French writer wins '08 Nobel Prize in Literature after leak
The lit crowd was scandalized last week, when the Nobel Foundation's permanent secretary, Horace Engdahl, made disparaging remarks about the insularity of the American writing tradition. On Thursday, French-born author Jean-Marie Gustave (JMG) Le Clézio took the prestigious prize, and, as it turns out, Engdahl's rejection of U.S. literature wasn't the only scandal that would surround this year's Nobel Prize season.
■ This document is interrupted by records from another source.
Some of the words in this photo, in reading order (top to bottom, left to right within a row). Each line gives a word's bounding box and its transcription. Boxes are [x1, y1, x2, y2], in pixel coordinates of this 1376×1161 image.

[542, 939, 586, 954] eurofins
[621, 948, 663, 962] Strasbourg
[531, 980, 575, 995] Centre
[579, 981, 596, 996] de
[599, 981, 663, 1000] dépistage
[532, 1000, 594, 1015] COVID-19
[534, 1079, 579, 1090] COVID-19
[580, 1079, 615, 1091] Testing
Just days before the 2008 winner was revealed, the UK-based online gaming site LadBrokes.com received an unusually high number of bets banking on Le Clézio. The events were especially suspicious because the Frenchman lacks the same kind of international notoriety as other Nobel candidates, his work being mostly untranslated or out of print in English. In fact, the morning of the announcement, the directors of both the National Book Foundation and the National Endowment for the Arts admitted to never having heard of him. The betting books were closed when Le Clézio's odds jumped from 15-to-1 to below 2-1.
"I have a strong suspicion that there has been a leak in the system this time." Horace Engdahl spoke with the Associated Press about his suspicions, but failed to reveal whether or not he believed Le Clézio himself responsible for the leak.
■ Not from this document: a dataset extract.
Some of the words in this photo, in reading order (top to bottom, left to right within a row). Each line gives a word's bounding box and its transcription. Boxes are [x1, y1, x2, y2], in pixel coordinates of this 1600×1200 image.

Still, many were thrilled with the Academy's choice. Le Clézio has been described as a quiet talent, the kind of writer who never sought public attention. He's published more than 30 books, the most famous being 1963's Le Procès-Verbal and 1980's Le Désert.
The Nobel Committee terms Le Clézio an "author of new departures, poetic adventure and sensual ecstasy, explorer of a humanity beyond and below the reigning civilization." Le Clézio wins 10 million Swedish kronor (about $1.4 million) and will be invited to speak to the academy in Stockholm.